- **Problem to solve**
Without any images, write the data out exactly as it appears.
══ Materials provided
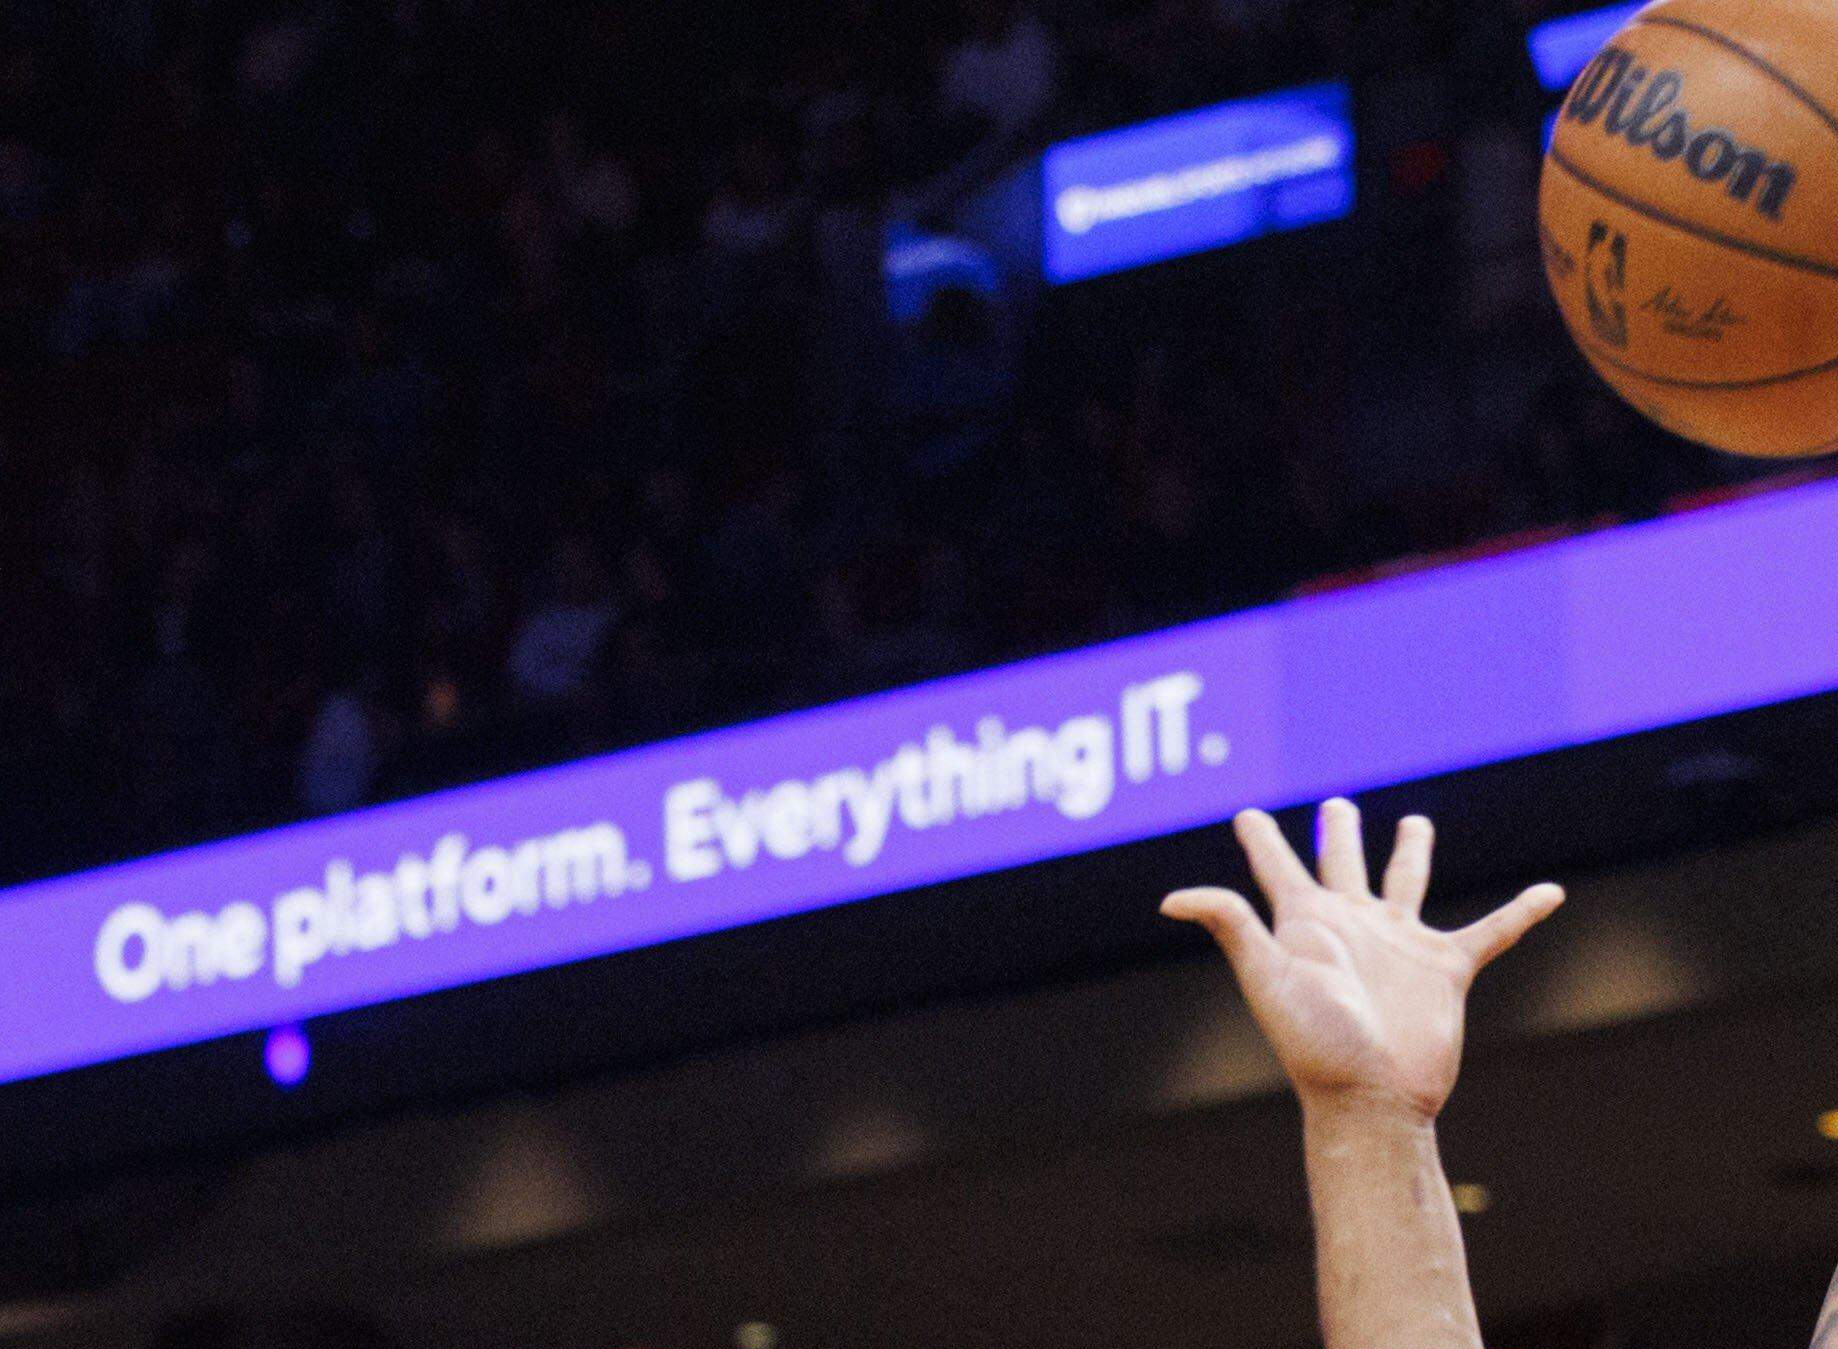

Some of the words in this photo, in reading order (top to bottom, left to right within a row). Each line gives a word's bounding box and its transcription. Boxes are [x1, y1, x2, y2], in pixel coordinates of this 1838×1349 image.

[1567, 46, 1797, 223] Wilson
[94, 895, 266, 1003] One
[269, 818, 651, 988] platform.
[662, 704, 1114, 882] Everything
[1118, 670, 1229, 784] IT.
════
- **Written reply**
Some of the words in this photo, in reading order (top to bottom, left to right within a row). Each line gives a word's bounding box and its transcription. Boxes are [x1, y1, x2, y2], in pixel coordinates of this 1838×1349 image.

[1567, 46, 1797, 223] Wilson
[94, 895, 266, 1003] One
[269, 818, 651, 988] platform.
[662, 704, 1114, 882] Everything
[1118, 670, 1229, 784] IT.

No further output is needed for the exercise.